A complete overhaul is not required to prepare for AEO and GEO. Retailers and brands can begin with incremental but deliberate moves:

  1. Audit existing content to identify which assets are answer-friendly and which need restructuring.
  2. Add structured markup and FAQs so engines can parse and surface product and brand information more accurately.
  3. Create content designed to be quoted or summarized— short, authoritative statements or key data points that generative systems can use.
  4. Make data open and API-accessible to improve discoverability by generative engines.
  5. Invest in brand signals—authorship, credibility badges, and consistent naming—so engines recognize authority and trustworthiness. Each step makes it easier for both answer engines and generative engines to include retail and brand content in their outputs, strengthening digital presence across the board.

Risks, Constraints, and Ethical Considerations

As with any paradigm shift, there are pitfalls. The temptation to ‘game the system’ is high, as many once did with SEO by overloading content with keywords or employing manipulative tactics. But over-optimizing or trying to outsmart AI engines can backfire. Generative systems rely on opaque ranking factors and may actively penalize low-quality or overly engineered content. And just as important, feeding proprietary or sensitive product data into public APIs introduces real privacy and intellectual property risks.

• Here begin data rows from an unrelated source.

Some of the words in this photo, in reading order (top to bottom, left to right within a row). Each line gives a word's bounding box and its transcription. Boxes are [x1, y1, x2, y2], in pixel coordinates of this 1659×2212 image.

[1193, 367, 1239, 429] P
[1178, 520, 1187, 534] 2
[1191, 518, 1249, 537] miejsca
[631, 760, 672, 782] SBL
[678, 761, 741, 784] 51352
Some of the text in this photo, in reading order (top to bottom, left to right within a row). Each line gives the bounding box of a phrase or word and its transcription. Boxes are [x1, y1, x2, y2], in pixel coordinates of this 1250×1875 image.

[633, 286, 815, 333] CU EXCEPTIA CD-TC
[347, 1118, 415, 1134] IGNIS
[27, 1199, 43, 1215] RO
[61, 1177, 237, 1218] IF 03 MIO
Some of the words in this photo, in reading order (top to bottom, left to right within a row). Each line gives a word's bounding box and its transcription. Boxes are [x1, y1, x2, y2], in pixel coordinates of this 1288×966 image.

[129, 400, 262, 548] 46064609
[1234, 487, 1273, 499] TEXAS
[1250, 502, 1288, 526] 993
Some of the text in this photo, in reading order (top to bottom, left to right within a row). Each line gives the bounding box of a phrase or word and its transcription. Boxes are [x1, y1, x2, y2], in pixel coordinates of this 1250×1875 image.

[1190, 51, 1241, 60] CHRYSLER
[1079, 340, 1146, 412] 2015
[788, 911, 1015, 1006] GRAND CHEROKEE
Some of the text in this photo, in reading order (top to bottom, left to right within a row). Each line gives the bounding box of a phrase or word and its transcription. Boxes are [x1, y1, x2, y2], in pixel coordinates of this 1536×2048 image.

The mitigation strategy is quality and transparency. Brands and retailers should focus on building credible, clearly structured content rather than chasing quick wins. Treating AEO and GEO efforts as a long-term capability rather than a short-term hack will reduce risk and increase resilience.

Looking Ahead: Clarity, Authority, and Machine Readability

Within the next few years, answer engines and generative systems will play a central role in how people discover, evaluate, and buy. The click may never disappear completely, but it will matter less than trust, clarity, and inclusion in synthesized results.

Retailers and brands that act now will define the standards others follow. By laying the foundations—structured data, credible content, and frictionless access—they can position themselves as first-class citizens in the next generation of discovery systems.

The future isn’t about tricking algorithms; it’s about speaking their language fluently. In a world of answer and generative engines, clarity and authority are the new superpowers.